**Extracted records**.
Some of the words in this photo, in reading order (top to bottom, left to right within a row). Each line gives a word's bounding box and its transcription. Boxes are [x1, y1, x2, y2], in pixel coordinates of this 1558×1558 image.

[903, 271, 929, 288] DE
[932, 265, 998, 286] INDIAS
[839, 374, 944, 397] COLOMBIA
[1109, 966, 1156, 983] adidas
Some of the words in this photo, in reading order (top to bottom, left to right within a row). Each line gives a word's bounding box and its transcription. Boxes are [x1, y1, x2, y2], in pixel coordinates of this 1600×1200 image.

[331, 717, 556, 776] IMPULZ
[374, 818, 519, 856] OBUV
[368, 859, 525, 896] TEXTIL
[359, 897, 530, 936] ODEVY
* * *
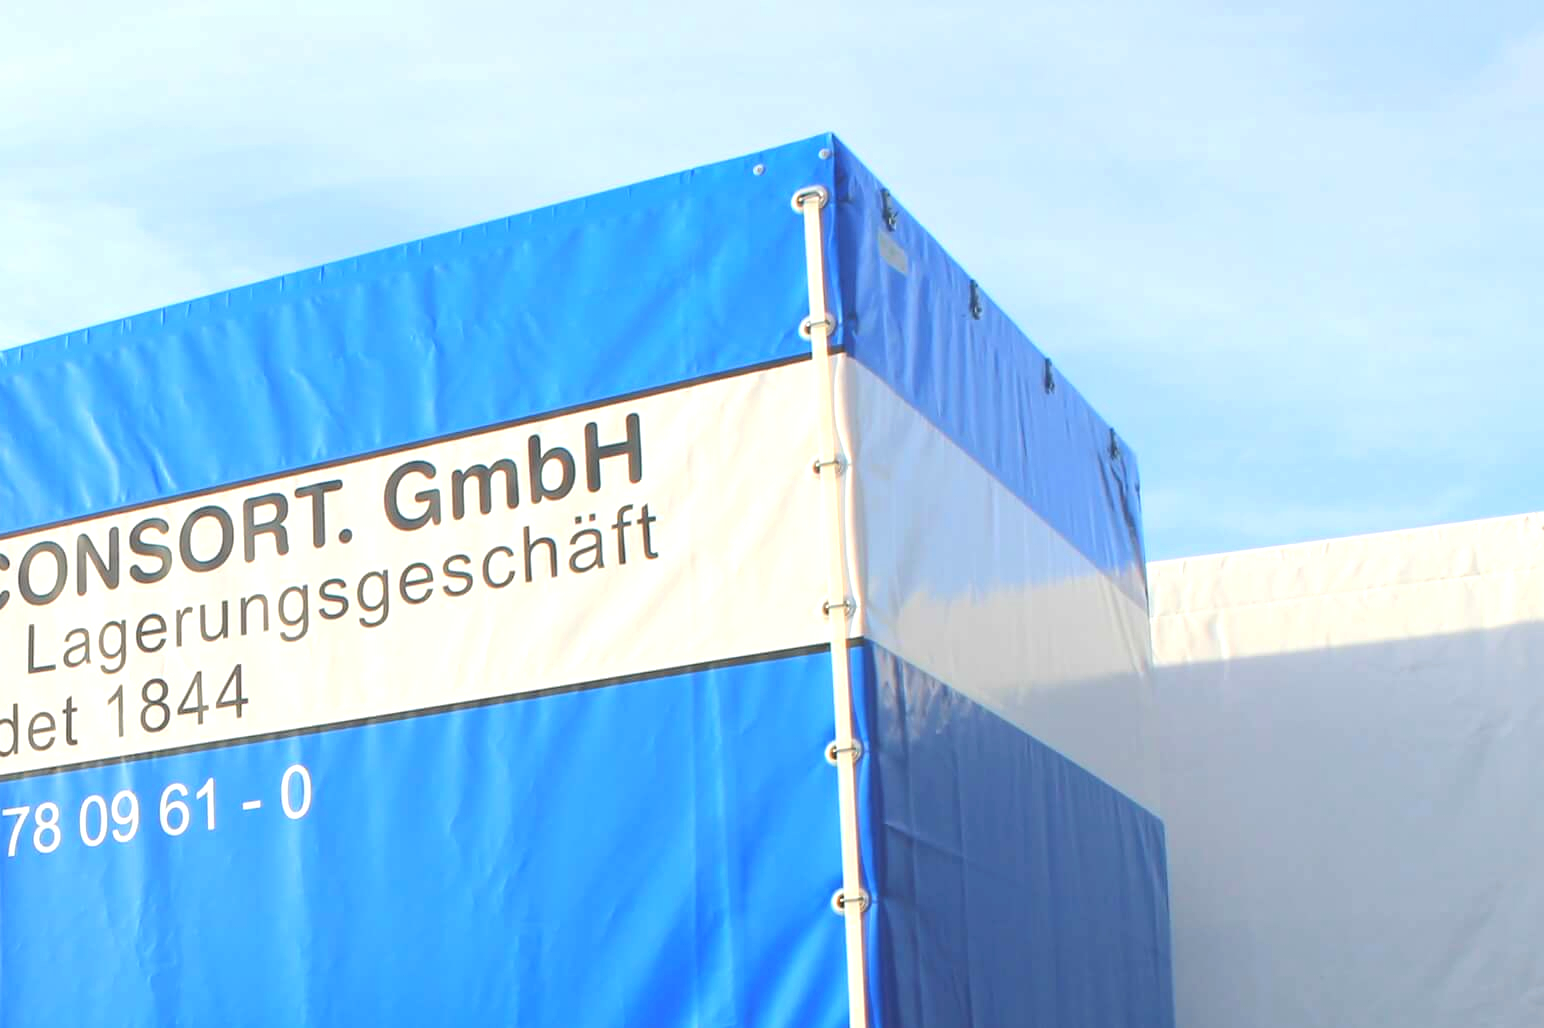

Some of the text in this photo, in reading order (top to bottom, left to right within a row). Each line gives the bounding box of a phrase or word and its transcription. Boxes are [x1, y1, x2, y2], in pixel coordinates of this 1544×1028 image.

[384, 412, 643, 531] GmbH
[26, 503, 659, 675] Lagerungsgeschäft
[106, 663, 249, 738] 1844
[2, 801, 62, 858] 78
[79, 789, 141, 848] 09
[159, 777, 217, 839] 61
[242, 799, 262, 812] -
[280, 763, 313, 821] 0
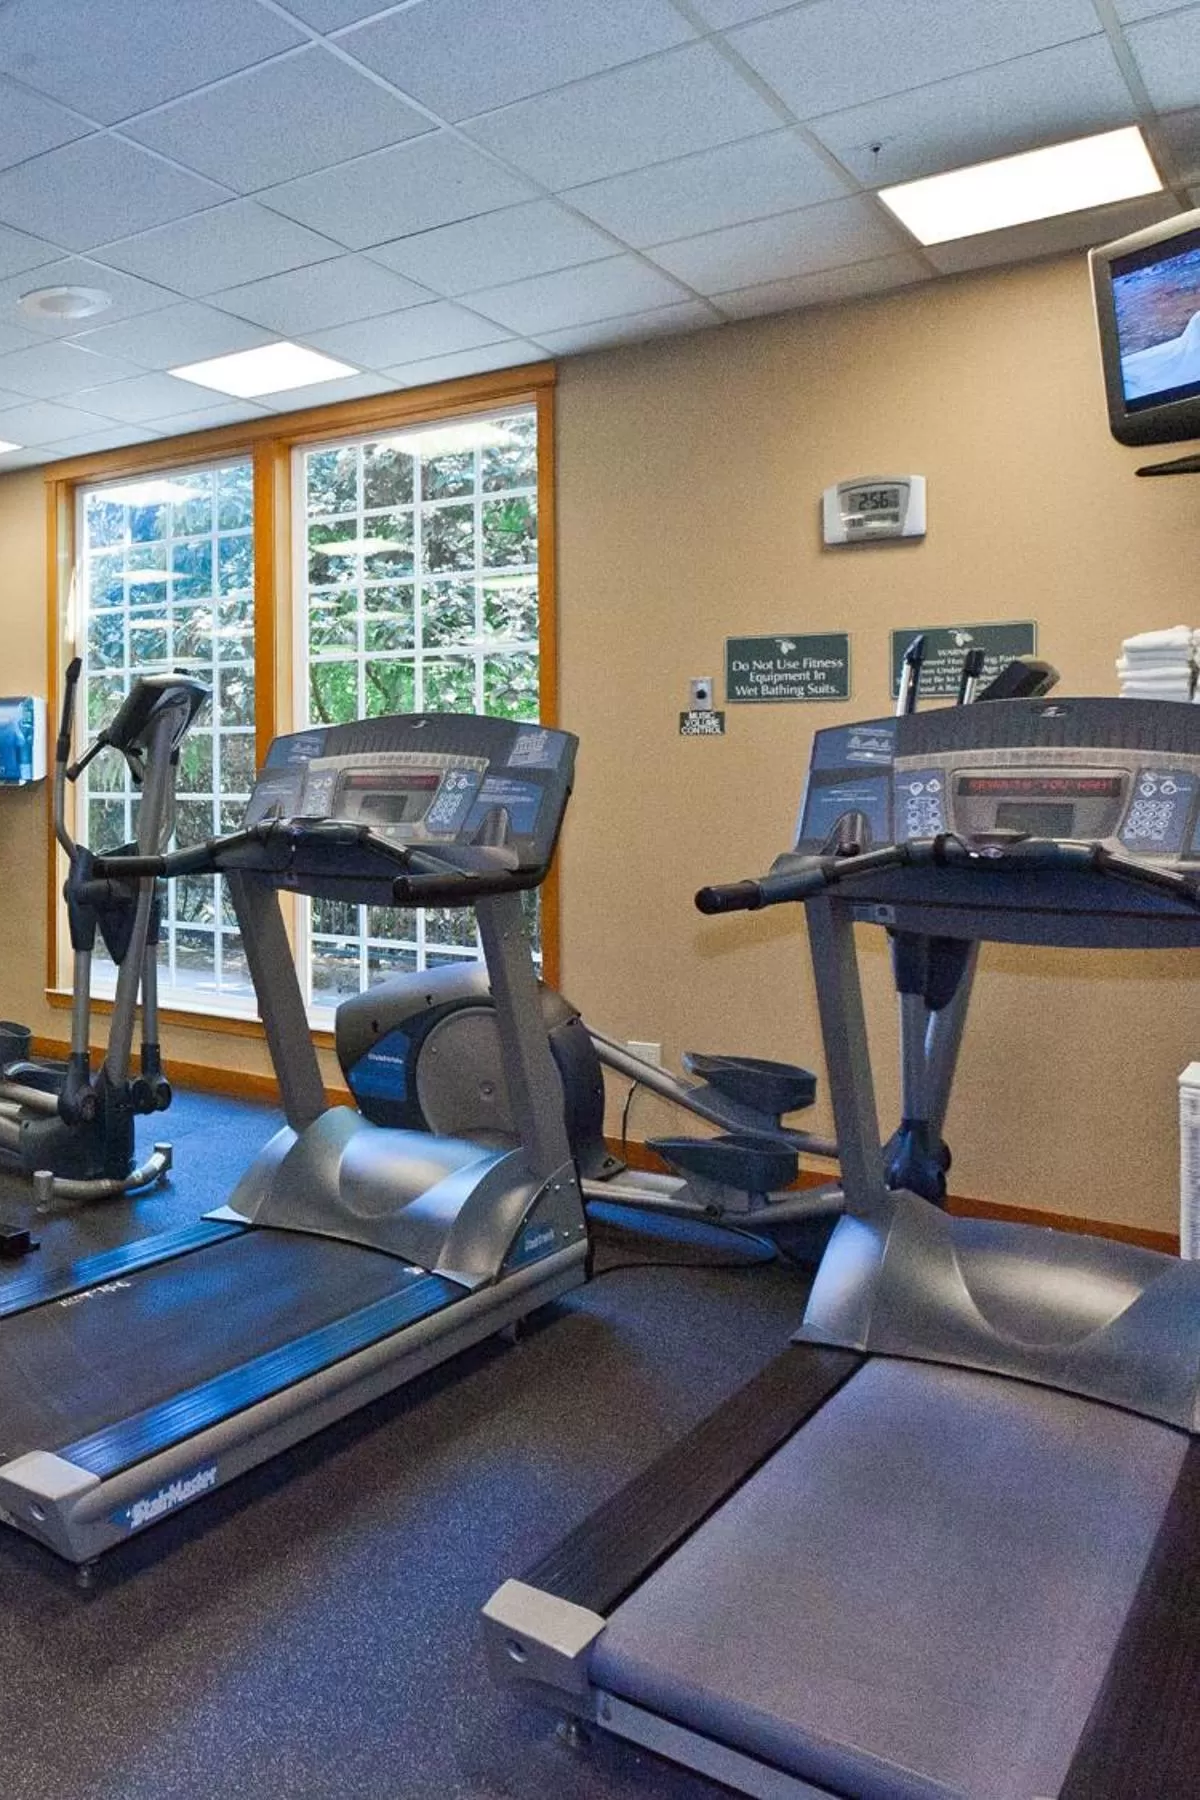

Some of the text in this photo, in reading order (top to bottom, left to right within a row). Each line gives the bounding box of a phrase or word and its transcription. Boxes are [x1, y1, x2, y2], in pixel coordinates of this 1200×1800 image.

**What to do**.
All pictures are to be skipped. Output, word for word, the lines in the data above starting at the line containing "this 1544×1028 image." and ending at the line containing "this 1200×1800 image.".

**Response area**.
Some of the text in this photo, in reading order (top to bottom, left to right within a row). Each line gives the bounding box of a phrase or word and its transcription. Boxes are [x1, y1, x2, y2], in pixel coordinates of this 1544×1028 image.

[384, 412, 643, 531] GmbH
[26, 503, 659, 675] Lagerungsgeschäft
[106, 663, 249, 738] 1844
[2, 801, 62, 858] 78
[79, 789, 141, 848] 09
[159, 777, 217, 839] 61
[242, 799, 262, 812] -
[280, 763, 313, 821] 0

Some of the text in this photo, in reading order (top to bottom, left to right within a row). Each line gives the bounding box of a phrase or word and its transcription. Boxes are [x1, y1, x2, y2], in pixel coordinates of this 1200×1800 image.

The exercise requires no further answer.